Course Meeting Times
Lectures: 1 session / week, 2 hours / session
What is the rationale for government involvement in urban design?
How does government intervene to affect the design of the urban realm?
How might it intervene?
Which interventions are best suited to which circumstances?
How do other, non-governmental actors get involved in and contribute to urban design policy?
Governments at every level assume a measure of responsibility for seeking good design. Some of that responsibility is exercised directly—through the design and construction of government buildings, for example. But most changes to our environments are neither designed nor built by governments. Rather, they are the result of the actions and investments of private individuals, institutions, corporations, joint ventures, or private/public collaborations. Yet, the actions of all of these actors are affected by the design policies of government and the interventions that are undertaken to implement those policies. In this advanced graduate-level seminar we will explore new ways of thinking about urban design policy in an attempt to better understand just what government does—and what it can do effectively—in the realm of design policy.

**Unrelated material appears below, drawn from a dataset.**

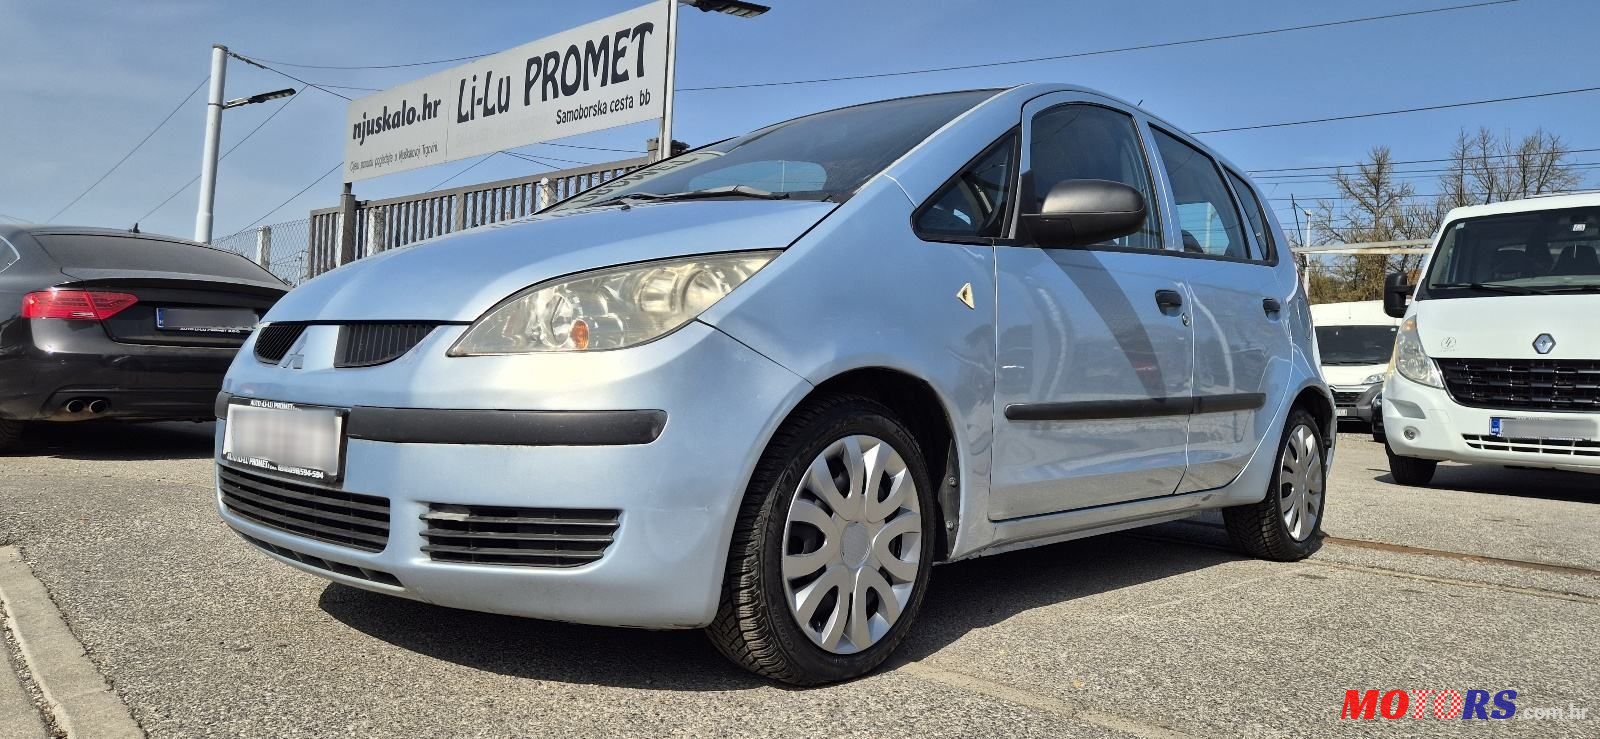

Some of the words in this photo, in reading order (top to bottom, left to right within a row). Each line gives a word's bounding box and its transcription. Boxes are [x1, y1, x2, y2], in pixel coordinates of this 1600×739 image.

Our exploration will be structured in two parts. In Part I we will seek to develop the elements of a theory of government intervention vis-à-vis design. We will begin by thinking about just what an urban design policy is and why government intervention is appropriate to pursue such a policy. Then we will turn to a consideration of the generic modes of government intervention and how they are, or might be, used to affect the quality of urban design.
We will argue that, despite a proliferation of government programs addressing design issues, there are only five different generic modes of government intervention. If one can map the underlying properties of these modes of intervention, one can get considerable leverage on the appropriate use of government intervention to affect design. This portion of the course relies heavily on the “Tools of Government” literature, and we will draw broadly on that literature as well as on related materials linked more specifically to urban design. (A list of the main texts in this literature is offered as an appendix in the Readings section.)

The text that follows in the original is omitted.